#### What needs to be done
A faithful copy of the data below is required, leaving out every picture.

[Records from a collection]
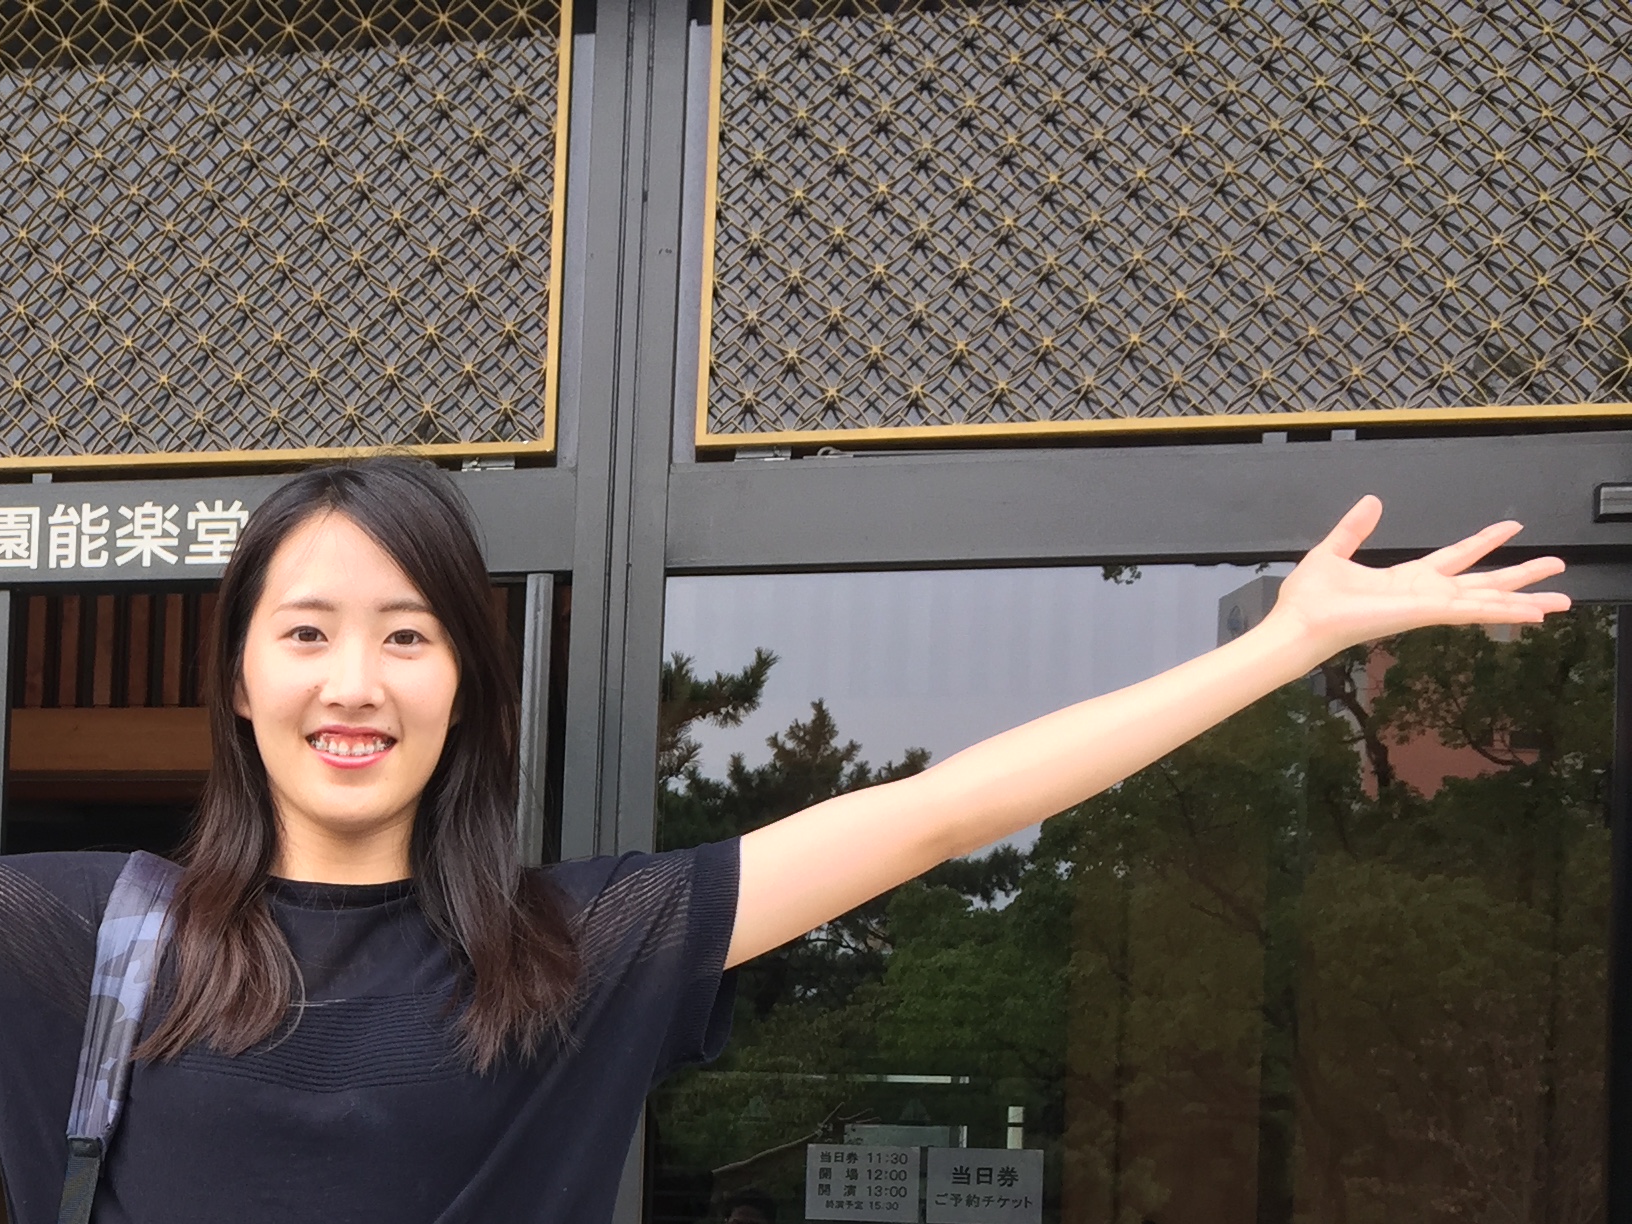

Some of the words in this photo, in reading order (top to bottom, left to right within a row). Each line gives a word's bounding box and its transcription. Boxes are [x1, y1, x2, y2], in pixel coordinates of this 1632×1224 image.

[819, 1150, 859, 1164] 当日券
[867, 1152, 908, 1165] 11:30
[866, 1169, 907, 1181] 12:00
[951, 1165, 1019, 1187] 当日券
[866, 1185, 908, 1198] 13:00
[935, 1192, 1033, 1209] ご予約チケット

#### Written solution
Some of the words in this photo, in reading order (top to bottom, left to right within a row). Each line gives a word's bounding box and its transcription. Boxes are [x1, y1, x2, y2], in pixel coordinates of this 1632×1224 image.

[819, 1150, 859, 1164] 当日券
[867, 1152, 908, 1165] 11:30
[866, 1169, 907, 1181] 12:00
[951, 1165, 1019, 1187] 当日券
[866, 1185, 908, 1198] 13:00
[935, 1192, 1033, 1209] ご予約チケット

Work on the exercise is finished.